The company prides itself on the high almond content (40 percent) of its products.
“The quality of the products depends on the amount of almonds used because they cost more than sugar,” says Zuber.  
Traditional Spanish chocolate
The price of almonds and the devaluation of the dollar also are issues for the Spanish company, Chocolates Valor S.A., reports Alberto Duenas, marketing director for Valor’s U.S. division.
A $50 million company in Spain, Valor is particularly noted for its chocolate bars made with whole Marcona almonds from the Mediterranean. Unfortunately, last year’s almond crop was not strong, according to Duenas, so the ingredient cost has jumped substantially.
The company has had a U.S. presence for only three and a half years, so it has opted for a conservative approach to price increases. “We raised it a little, but not much because we want to try to stay competitive,” says Duenas.  
In the U.S. marketplace, 100-gram Valor chocolate bars typically sell for about $2.49. The company is introducing a line of 200-gram sugar-free chocolate bars that carry a suggested retail price of $5.99. The ability to charge a higher price for the sugar-free bars is a plus, especially in light of the dollar situation, Duenas notes.
Marshmallows European-style
If you think that marshmallows are merely sugary white blobs best consumed in close proximity to a campfire, then you’ve never met Michael Sas.

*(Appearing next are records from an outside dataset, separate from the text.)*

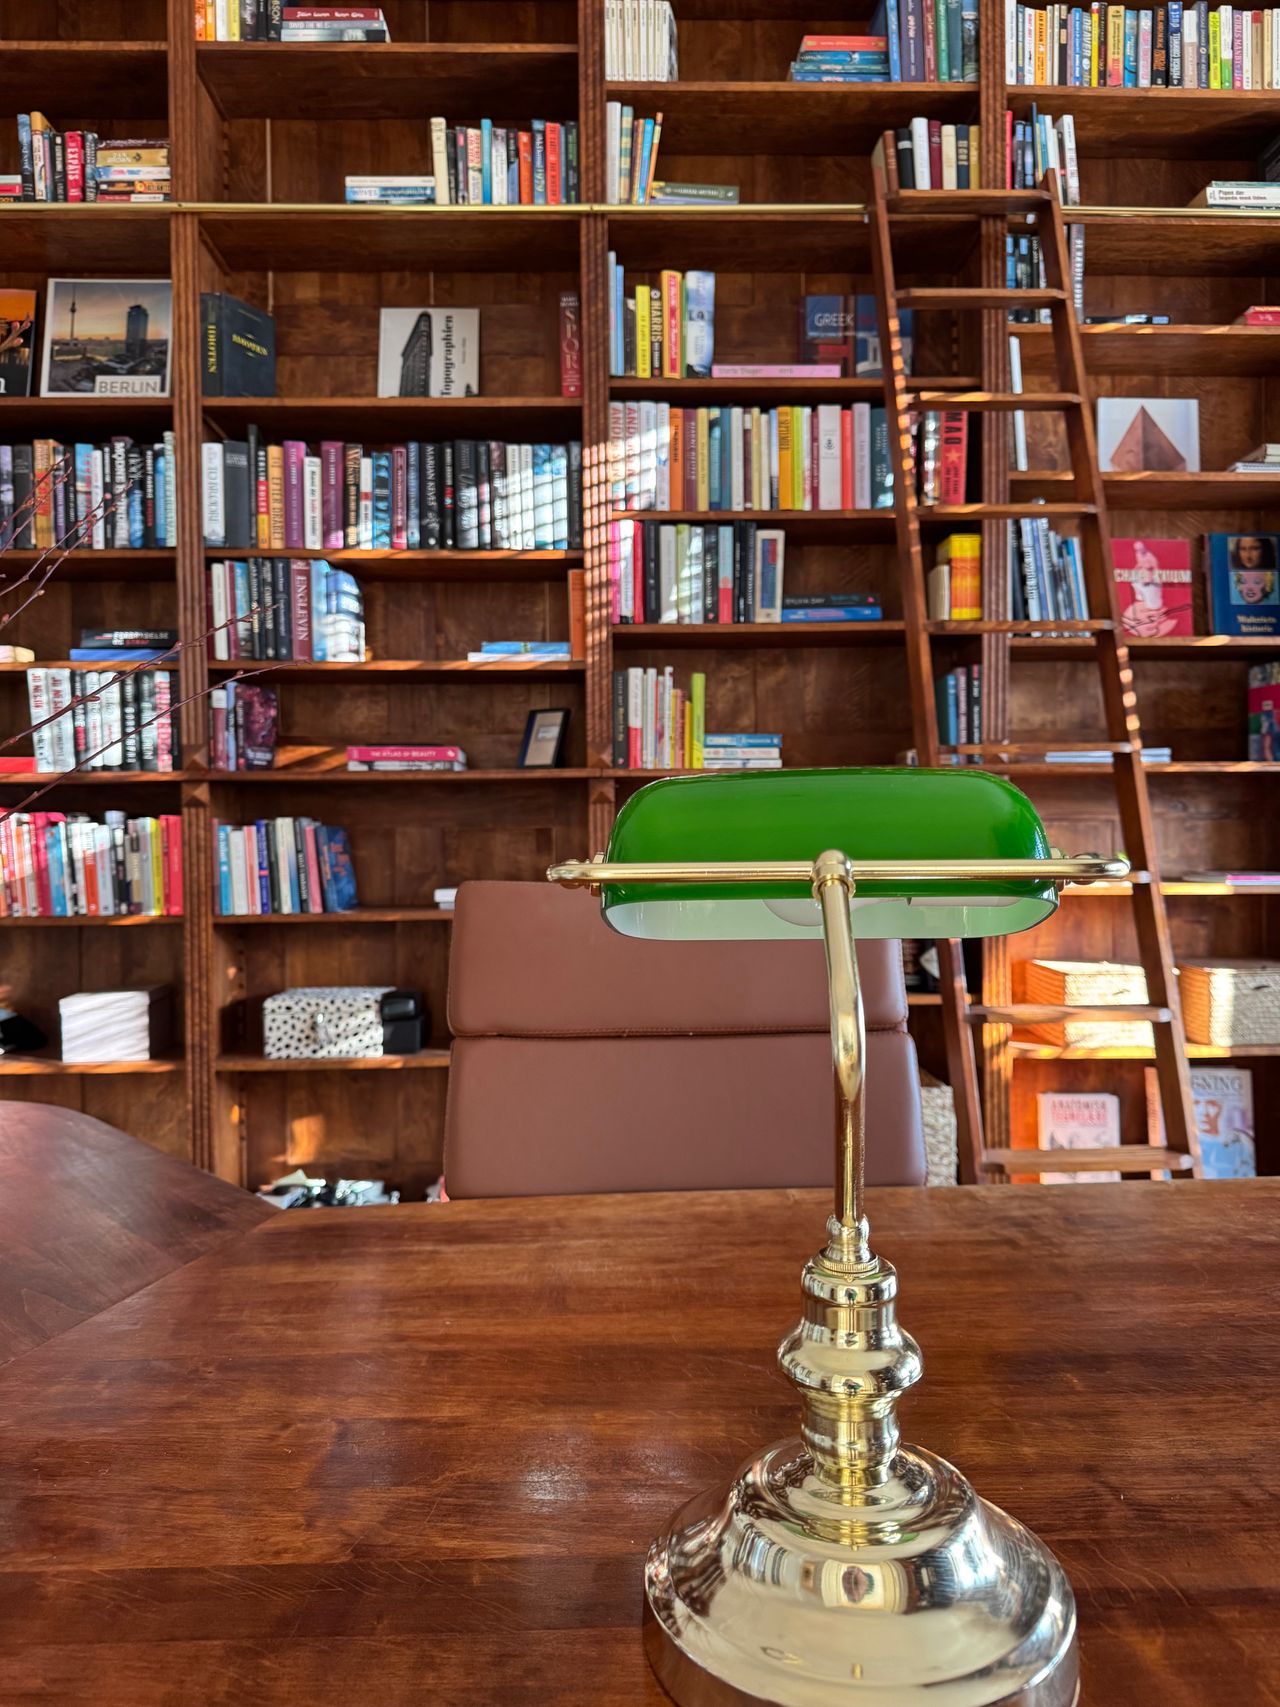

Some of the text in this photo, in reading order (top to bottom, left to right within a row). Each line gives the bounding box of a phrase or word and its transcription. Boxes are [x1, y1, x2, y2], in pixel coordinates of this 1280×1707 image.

[1083, 19, 1091, 56] DEAVER
[67, 148, 79, 180] EXPATS
[651, 304, 662, 342] HARRIS
[814, 312, 855, 327] GREEK
[208, 325, 217, 373] IDIOTEN
[441, 315, 456, 395] Topographien
[99, 380, 157, 394] BERLIN
[944, 412, 962, 445] MAO
[426, 446, 437, 506] MARIAN KEYES

Sas, vice president and general manager of leading Belgian marshmallow maker Van Damme Confectionery, is a man with a mission—to introduce U.S. retailers and consumers to Van Damme’s extensive array of marshmallow offerings.

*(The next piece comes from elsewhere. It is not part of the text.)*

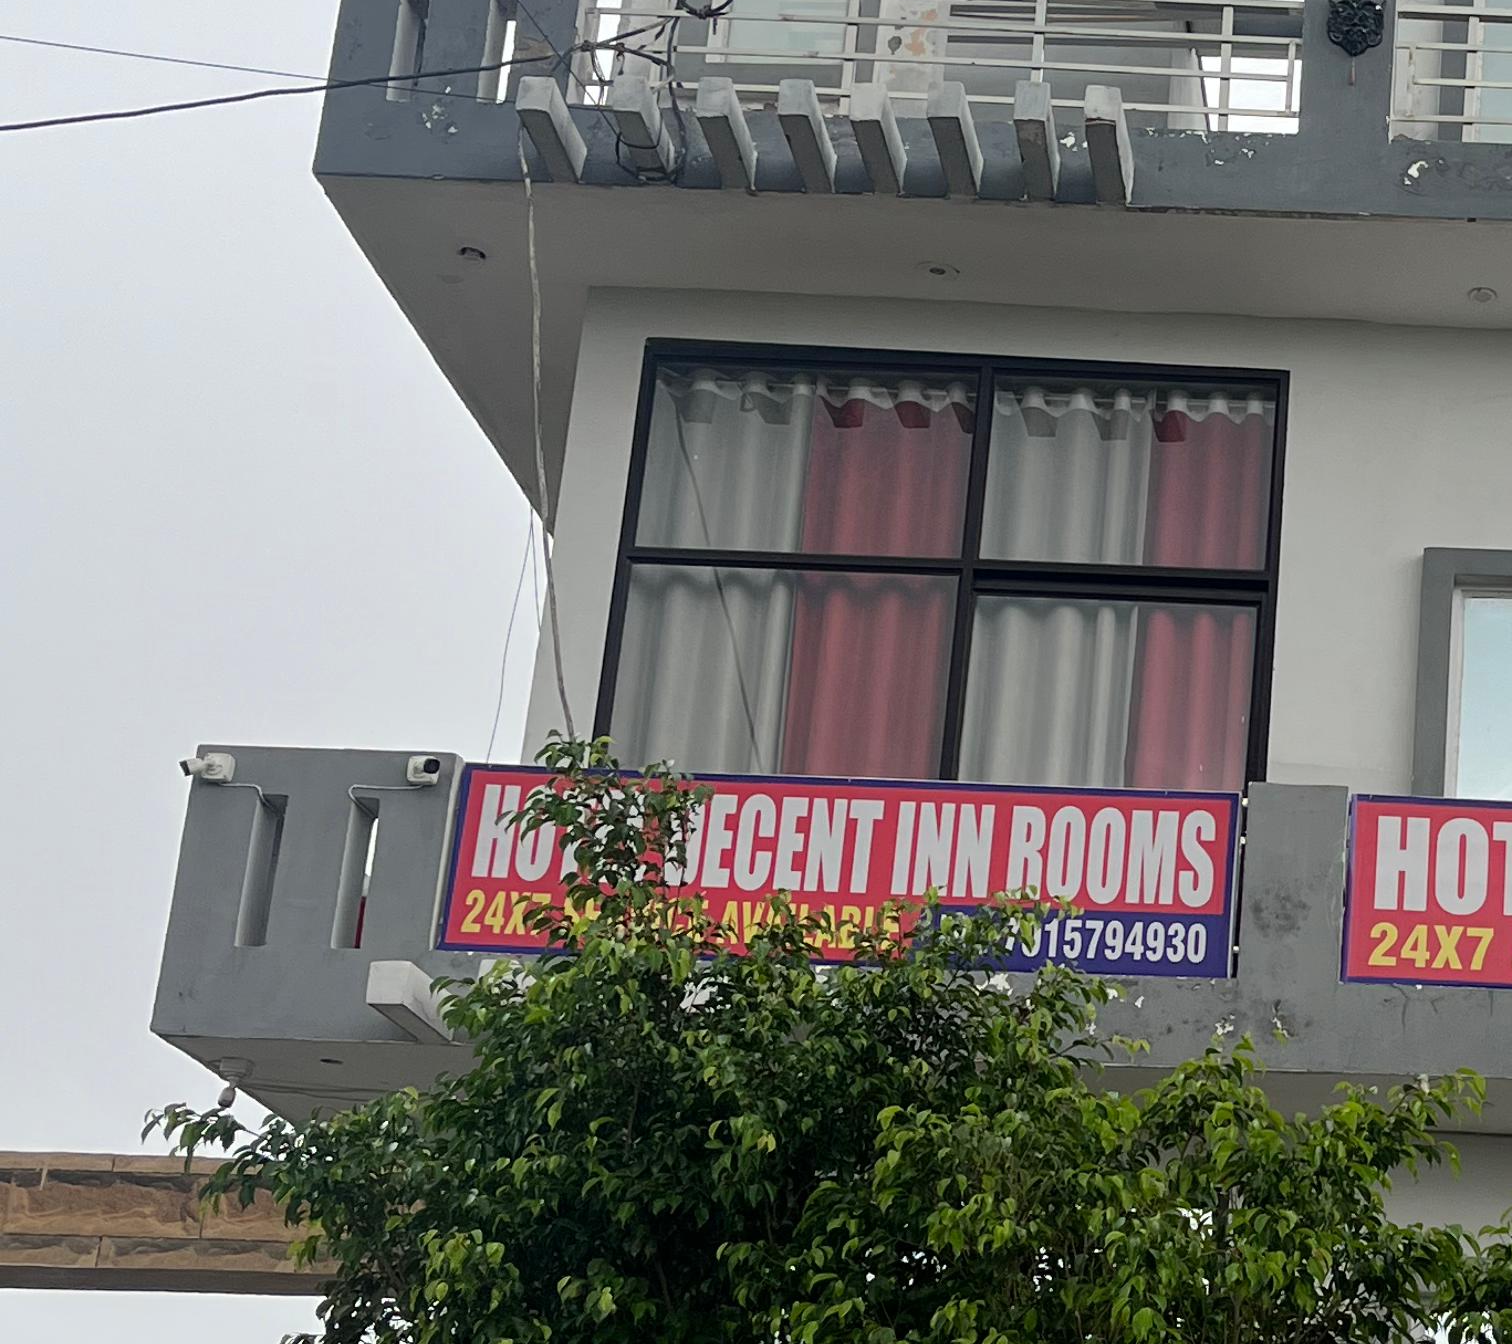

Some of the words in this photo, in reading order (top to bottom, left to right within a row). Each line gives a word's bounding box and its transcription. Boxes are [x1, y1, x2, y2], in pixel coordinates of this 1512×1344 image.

Van Damme makes marshmallows in a myriad of forms, including seasonally appropriate shapes and colors—green and white Christmas-tree marshmallows or pink and white heart-shaped marshmallows for Valentine’s Day, for example. Chocolate-enrobed Chocomallows come in 7.5-ounce plastic tubs and are flagged “from Belgium,” to capitalize on their Belgian chocolate content. Then there are Jammies, which are rounded marshmallows with a fruit filling, and Marshmallow Scoops, which feature colorful, fruit-flavored marshmallow pieces, each coated with crystallized sugar and packaged in a cone.
One of the SKUs that Sas believes has the greatest potential in the U.S. marketplace is Marshmallow Fries, a 7-ounce gusseted bag of pastel-colored marshmallows shaped like French fries.
Not only do Van Damme marshmallows come in a broader assortment of flavors and forms than their traditional U.S. counterparts, but their taste is different as well. They are made with less starch and thus are softer and less chewy than U.S.-made marshmallows, Sas explains.
Zeta Espacial  keeps things popping  
It’s true that kids are kids, no matter where they live. When it comes to the business of keeping kids around the globe entertained with candy novelties there are regional differences, however, according to Marta Mas, marketing director for Barcelona, Spain-based Zeta Espacial.  
Mas says there seems to be more emphasis on branded novelty candy in the United States vs. in Europe where brands are a bit less important if a product is truly new, fun and different. Within Europe, she continues, the licensed candy of choice varies considerably from country to country, so candy makers frequently need to negotiate licensing agreements on a country-by-country basis.
One brand Zeta Espacial has commercialized around the globe is Pop Rocks, which the company has been selling since 1979. This year, Zeta Espacial is upping the play value of the popular kids’ candy with the rollout of Pop Rocks Laboratory, which it bills as “an edible science experiment.”